PROVIDED ENTRIES Block Start

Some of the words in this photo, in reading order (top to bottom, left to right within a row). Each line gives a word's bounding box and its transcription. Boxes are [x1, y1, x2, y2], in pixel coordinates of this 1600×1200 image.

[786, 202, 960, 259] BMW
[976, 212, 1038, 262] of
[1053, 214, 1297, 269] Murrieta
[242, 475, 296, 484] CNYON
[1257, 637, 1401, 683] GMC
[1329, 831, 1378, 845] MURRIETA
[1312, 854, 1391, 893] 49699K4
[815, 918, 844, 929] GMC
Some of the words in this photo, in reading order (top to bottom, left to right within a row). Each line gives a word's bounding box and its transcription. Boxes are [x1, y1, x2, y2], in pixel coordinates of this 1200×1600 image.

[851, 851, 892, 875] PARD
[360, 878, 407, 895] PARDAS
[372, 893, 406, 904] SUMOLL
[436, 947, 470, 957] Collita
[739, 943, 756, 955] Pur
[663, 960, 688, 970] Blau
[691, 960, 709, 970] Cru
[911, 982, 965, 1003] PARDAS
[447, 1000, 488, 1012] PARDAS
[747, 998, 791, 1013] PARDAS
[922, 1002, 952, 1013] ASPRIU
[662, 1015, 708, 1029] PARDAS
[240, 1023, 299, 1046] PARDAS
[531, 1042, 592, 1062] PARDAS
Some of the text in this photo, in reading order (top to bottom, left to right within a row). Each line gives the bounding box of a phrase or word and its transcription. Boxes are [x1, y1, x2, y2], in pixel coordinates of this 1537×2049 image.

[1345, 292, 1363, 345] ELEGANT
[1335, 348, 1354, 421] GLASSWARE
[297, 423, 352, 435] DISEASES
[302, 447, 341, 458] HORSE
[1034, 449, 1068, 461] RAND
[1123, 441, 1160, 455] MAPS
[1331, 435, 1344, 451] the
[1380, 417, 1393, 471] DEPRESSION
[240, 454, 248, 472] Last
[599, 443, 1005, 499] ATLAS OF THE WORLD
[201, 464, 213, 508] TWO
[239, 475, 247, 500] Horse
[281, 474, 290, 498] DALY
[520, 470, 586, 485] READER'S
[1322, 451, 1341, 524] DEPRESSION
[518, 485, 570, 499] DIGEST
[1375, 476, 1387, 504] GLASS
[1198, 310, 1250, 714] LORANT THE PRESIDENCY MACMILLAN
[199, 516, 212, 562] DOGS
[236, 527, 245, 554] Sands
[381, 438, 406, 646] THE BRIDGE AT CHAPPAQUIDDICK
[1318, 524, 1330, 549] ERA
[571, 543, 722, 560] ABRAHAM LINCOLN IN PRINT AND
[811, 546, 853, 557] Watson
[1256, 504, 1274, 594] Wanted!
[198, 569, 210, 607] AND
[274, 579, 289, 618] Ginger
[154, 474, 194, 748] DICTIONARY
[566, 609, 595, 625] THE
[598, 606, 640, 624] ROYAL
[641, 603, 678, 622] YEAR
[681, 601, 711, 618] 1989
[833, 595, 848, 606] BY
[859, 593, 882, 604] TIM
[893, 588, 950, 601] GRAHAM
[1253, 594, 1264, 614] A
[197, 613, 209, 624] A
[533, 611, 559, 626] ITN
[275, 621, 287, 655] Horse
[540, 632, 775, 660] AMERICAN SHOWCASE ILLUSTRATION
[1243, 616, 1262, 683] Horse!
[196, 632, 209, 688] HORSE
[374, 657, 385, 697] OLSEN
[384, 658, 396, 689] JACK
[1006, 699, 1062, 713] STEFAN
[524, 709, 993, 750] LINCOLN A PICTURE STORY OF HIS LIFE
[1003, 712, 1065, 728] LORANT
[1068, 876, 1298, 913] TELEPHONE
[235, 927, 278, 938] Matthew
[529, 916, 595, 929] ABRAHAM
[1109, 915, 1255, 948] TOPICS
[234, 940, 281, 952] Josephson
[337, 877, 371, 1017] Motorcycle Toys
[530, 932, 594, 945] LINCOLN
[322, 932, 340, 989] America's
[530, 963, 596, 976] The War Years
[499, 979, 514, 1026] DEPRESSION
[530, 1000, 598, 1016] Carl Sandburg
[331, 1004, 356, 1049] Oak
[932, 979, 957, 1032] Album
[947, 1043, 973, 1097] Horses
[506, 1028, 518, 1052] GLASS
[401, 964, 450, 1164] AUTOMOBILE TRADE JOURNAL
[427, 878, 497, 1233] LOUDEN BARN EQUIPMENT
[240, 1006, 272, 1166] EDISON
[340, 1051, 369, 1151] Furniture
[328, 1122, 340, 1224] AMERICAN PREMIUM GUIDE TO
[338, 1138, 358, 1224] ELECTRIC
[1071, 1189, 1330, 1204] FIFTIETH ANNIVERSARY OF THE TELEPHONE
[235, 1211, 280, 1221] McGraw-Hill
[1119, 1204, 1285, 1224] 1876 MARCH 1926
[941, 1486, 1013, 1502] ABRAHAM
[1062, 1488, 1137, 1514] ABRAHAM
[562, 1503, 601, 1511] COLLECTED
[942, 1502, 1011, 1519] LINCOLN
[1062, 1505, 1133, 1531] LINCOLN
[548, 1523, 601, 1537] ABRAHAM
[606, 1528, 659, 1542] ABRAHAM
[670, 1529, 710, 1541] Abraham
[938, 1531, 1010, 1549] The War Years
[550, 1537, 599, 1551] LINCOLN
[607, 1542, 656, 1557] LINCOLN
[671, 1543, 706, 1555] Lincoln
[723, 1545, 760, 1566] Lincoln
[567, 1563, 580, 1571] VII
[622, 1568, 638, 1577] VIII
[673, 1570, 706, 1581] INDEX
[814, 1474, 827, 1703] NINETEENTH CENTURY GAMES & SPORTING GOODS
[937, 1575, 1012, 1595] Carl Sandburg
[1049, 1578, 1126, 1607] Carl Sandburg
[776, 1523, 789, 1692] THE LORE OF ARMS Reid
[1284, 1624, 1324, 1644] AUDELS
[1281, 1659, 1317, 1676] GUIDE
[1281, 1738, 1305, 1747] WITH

PROVIDED ENTRIES Block End

TASK DIRECTIONS
Extract the complete set of records unchanged.

ANSWER SECTION
Some of the words in this photo, in reading order (top to bottom, left to right within a row). Each line gives a word's bounding box and its transcription. Boxes are [x1, y1, x2, y2], in pixel coordinates of this 1600×1200 image.

[786, 202, 960, 259] BMW
[976, 212, 1038, 262] of
[1053, 214, 1297, 269] Murrieta
[242, 475, 296, 484] CNYON
[1257, 637, 1401, 683] GMC
[1329, 831, 1378, 845] MURRIETA
[1312, 854, 1391, 893] 49699K4
[815, 918, 844, 929] GMC
Some of the words in this photo, in reading order (top to bottom, left to right within a row). Each line gives a word's bounding box and its transcription. Boxes are [x1, y1, x2, y2], in pixel coordinates of this 1200×1600 image.

[851, 851, 892, 875] PARD
[360, 878, 407, 895] PARDAS
[372, 893, 406, 904] SUMOLL
[436, 947, 470, 957] Collita
[739, 943, 756, 955] Pur
[663, 960, 688, 970] Blau
[691, 960, 709, 970] Cru
[911, 982, 965, 1003] PARDAS
[447, 1000, 488, 1012] PARDAS
[747, 998, 791, 1013] PARDAS
[922, 1002, 952, 1013] ASPRIU
[662, 1015, 708, 1029] PARDAS
[240, 1023, 299, 1046] PARDAS
[531, 1042, 592, 1062] PARDAS
Some of the text in this photo, in reading order (top to bottom, left to right within a row). Each line gives the bounding box of a phrase or word and its transcription. Boxes are [x1, y1, x2, y2], in pixel coordinates of this 1537×2049 image.

[1345, 292, 1363, 345] ELEGANT
[1335, 348, 1354, 421] GLASSWARE
[297, 423, 352, 435] DISEASES
[302, 447, 341, 458] HORSE
[1034, 449, 1068, 461] RAND
[1123, 441, 1160, 455] MAPS
[1331, 435, 1344, 451] the
[1380, 417, 1393, 471] DEPRESSION
[240, 454, 248, 472] Last
[599, 443, 1005, 499] ATLAS OF THE WORLD
[201, 464, 213, 508] TWO
[239, 475, 247, 500] Horse
[281, 474, 290, 498] DALY
[520, 470, 586, 485] READER'S
[1322, 451, 1341, 524] DEPRESSION
[518, 485, 570, 499] DIGEST
[1375, 476, 1387, 504] GLASS
[1198, 310, 1250, 714] LORANT THE PRESIDENCY MACMILLAN
[199, 516, 212, 562] DOGS
[236, 527, 245, 554] Sands
[381, 438, 406, 646] THE BRIDGE AT CHAPPAQUIDDICK
[1318, 524, 1330, 549] ERA
[571, 543, 722, 560] ABRAHAM LINCOLN IN PRINT AND
[811, 546, 853, 557] Watson
[1256, 504, 1274, 594] Wanted!
[198, 569, 210, 607] AND
[274, 579, 289, 618] Ginger
[154, 474, 194, 748] DICTIONARY
[566, 609, 595, 625] THE
[598, 606, 640, 624] ROYAL
[641, 603, 678, 622] YEAR
[681, 601, 711, 618] 1989
[833, 595, 848, 606] BY
[859, 593, 882, 604] TIM
[893, 588, 950, 601] GRAHAM
[1253, 594, 1264, 614] A
[197, 613, 209, 624] A
[533, 611, 559, 626] ITN
[275, 621, 287, 655] Horse
[540, 632, 775, 660] AMERICAN SHOWCASE ILLUSTRATION
[1243, 616, 1262, 683] Horse!
[196, 632, 209, 688] HORSE
[374, 657, 385, 697] OLSEN
[384, 658, 396, 689] JACK
[1006, 699, 1062, 713] STEFAN
[524, 709, 993, 750] LINCOLN A PICTURE STORY OF HIS LIFE
[1003, 712, 1065, 728] LORANT
[1068, 876, 1298, 913] TELEPHONE
[235, 927, 278, 938] Matthew
[529, 916, 595, 929] ABRAHAM
[1109, 915, 1255, 948] TOPICS
[234, 940, 281, 952] Josephson
[337, 877, 371, 1017] Motorcycle Toys
[530, 932, 594, 945] LINCOLN
[322, 932, 340, 989] America's
[530, 963, 596, 976] The War Years
[499, 979, 514, 1026] DEPRESSION
[530, 1000, 598, 1016] Carl Sandburg
[331, 1004, 356, 1049] Oak
[932, 979, 957, 1032] Album
[947, 1043, 973, 1097] Horses
[506, 1028, 518, 1052] GLASS
[401, 964, 450, 1164] AUTOMOBILE TRADE JOURNAL
[427, 878, 497, 1233] LOUDEN BARN EQUIPMENT
[240, 1006, 272, 1166] EDISON
[340, 1051, 369, 1151] Furniture
[328, 1122, 340, 1224] AMERICAN PREMIUM GUIDE TO
[338, 1138, 358, 1224] ELECTRIC
[1071, 1189, 1330, 1204] FIFTIETH ANNIVERSARY OF THE TELEPHONE
[235, 1211, 280, 1221] McGraw-Hill
[1119, 1204, 1285, 1224] 1876 MARCH 1926
[941, 1486, 1013, 1502] ABRAHAM
[1062, 1488, 1137, 1514] ABRAHAM
[562, 1503, 601, 1511] COLLECTED
[942, 1502, 1011, 1519] LINCOLN
[1062, 1505, 1133, 1531] LINCOLN
[548, 1523, 601, 1537] ABRAHAM
[606, 1528, 659, 1542] ABRAHAM
[670, 1529, 710, 1541] Abraham
[938, 1531, 1010, 1549] The War Years
[550, 1537, 599, 1551] LINCOLN
[607, 1542, 656, 1557] LINCOLN
[671, 1543, 706, 1555] Lincoln
[723, 1545, 760, 1566] Lincoln
[567, 1563, 580, 1571] VII
[622, 1568, 638, 1577] VIII
[673, 1570, 706, 1581] INDEX
[814, 1474, 827, 1703] NINETEENTH CENTURY GAMES & SPORTING GOODS
[937, 1575, 1012, 1595] Carl Sandburg
[1049, 1578, 1126, 1607] Carl Sandburg
[776, 1523, 789, 1692] THE LORE OF ARMS Reid
[1284, 1624, 1324, 1644] AUDELS
[1281, 1659, 1317, 1676] GUIDE
[1281, 1738, 1305, 1747] WITH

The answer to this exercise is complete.